We live in an age where information is at the tip of your finger. You literally can Google just about anything, and become familiar with new subjects. This can be liberating in many ways. Things that were impossible to find out, you can now. However, the internet has a very dark side. It can also be used to spread misinformation at speeds that make facts hard to catch up.
This is not new. Rumors and conspiracies have been around for likely ever. However, what is new is the speed at which this spread, and how persistent they become. It is not just a thing for middle eastern terrorists, which the government has pointed to repeatedly. We know those young Muslim men, and it is mostly men. Have been radicalized through access to specific sites on the internet. Some have joined the Islamic State in Syria as well, and the recruitment happened through the internet and other radicalized youth.

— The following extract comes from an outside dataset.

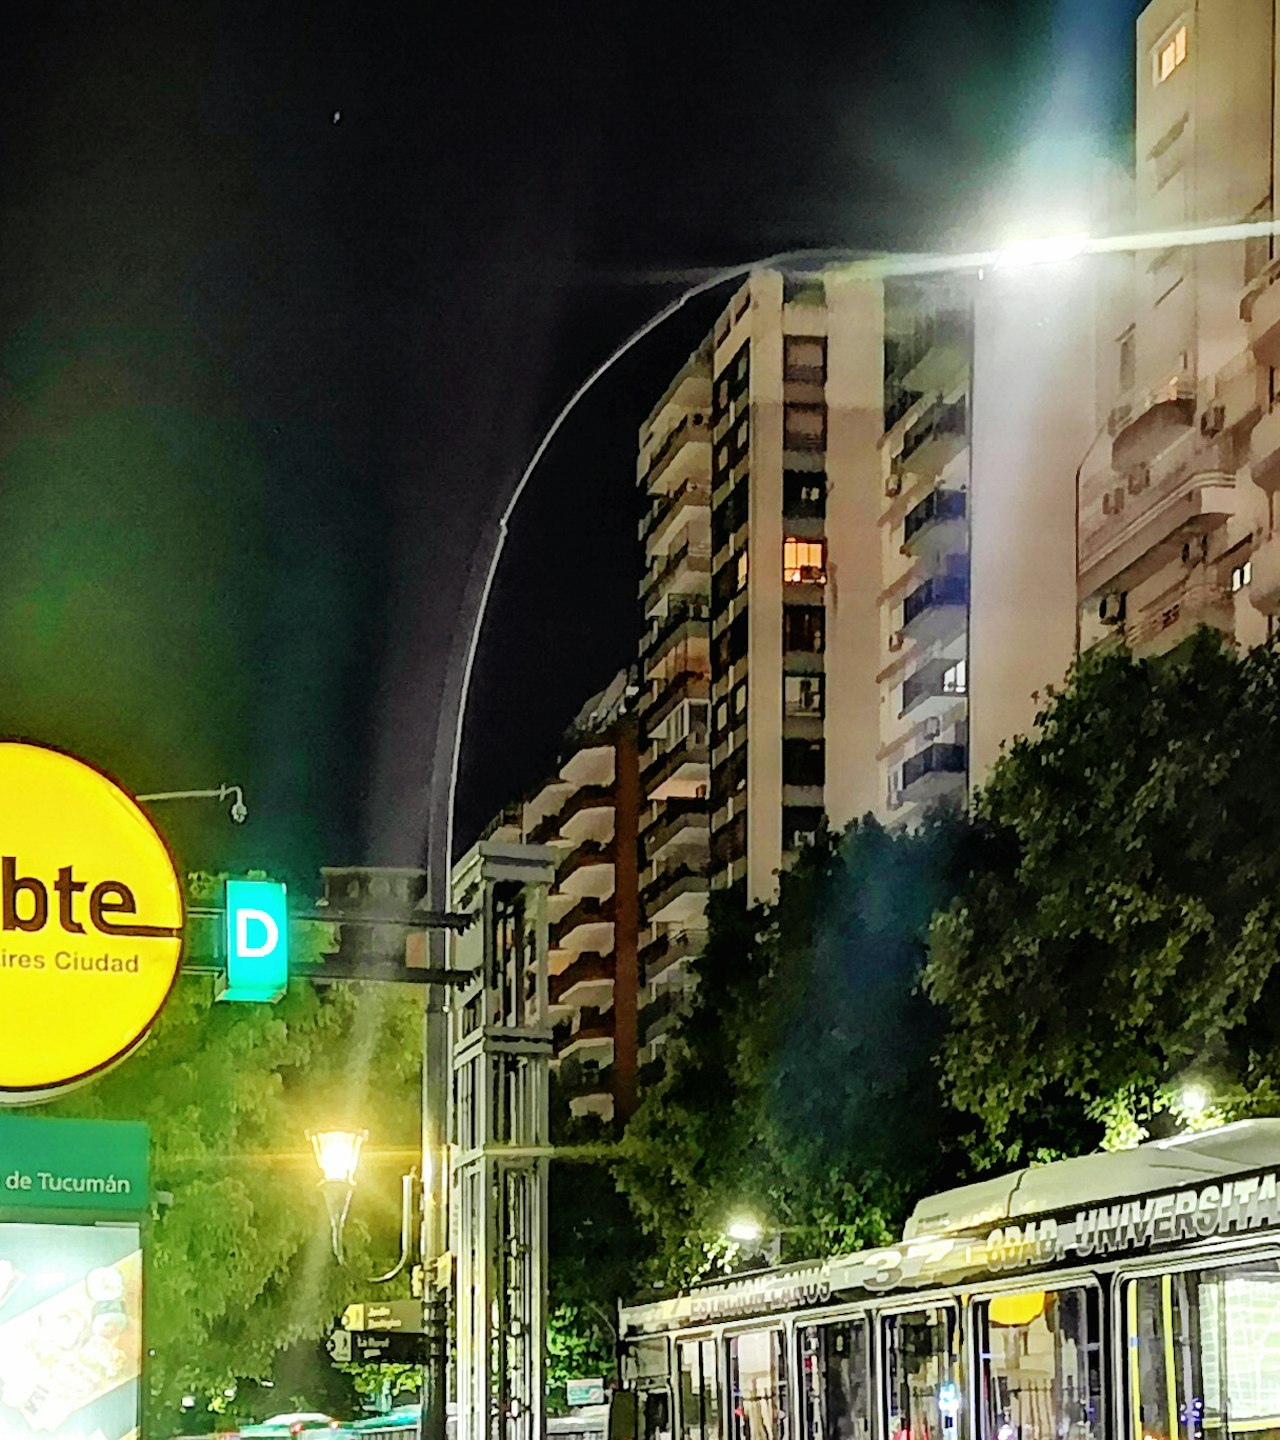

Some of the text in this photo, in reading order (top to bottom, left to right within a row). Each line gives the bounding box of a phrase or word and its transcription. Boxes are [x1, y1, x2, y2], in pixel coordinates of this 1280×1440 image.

However, they are not alone. It is time we have this conversation as to who is else is getting radicalized. And chiefly, why? And it is time to have this conversation about several groups in the United States, all of which believe in conspiracies and distrust any form of authority.
The two groups that are the most dangerous for society are the far right and anti-vaxxers. Politically, anti-vaxxers tend to be more liberal, and also better educated. Which is baffling in some respects, since they should know better. Yet, they believe a series of lies regarding vaccines that put all of us at risk. It is not a single anti-vaxxer. It is the sum of their parts and the loss of herd immunity that does this.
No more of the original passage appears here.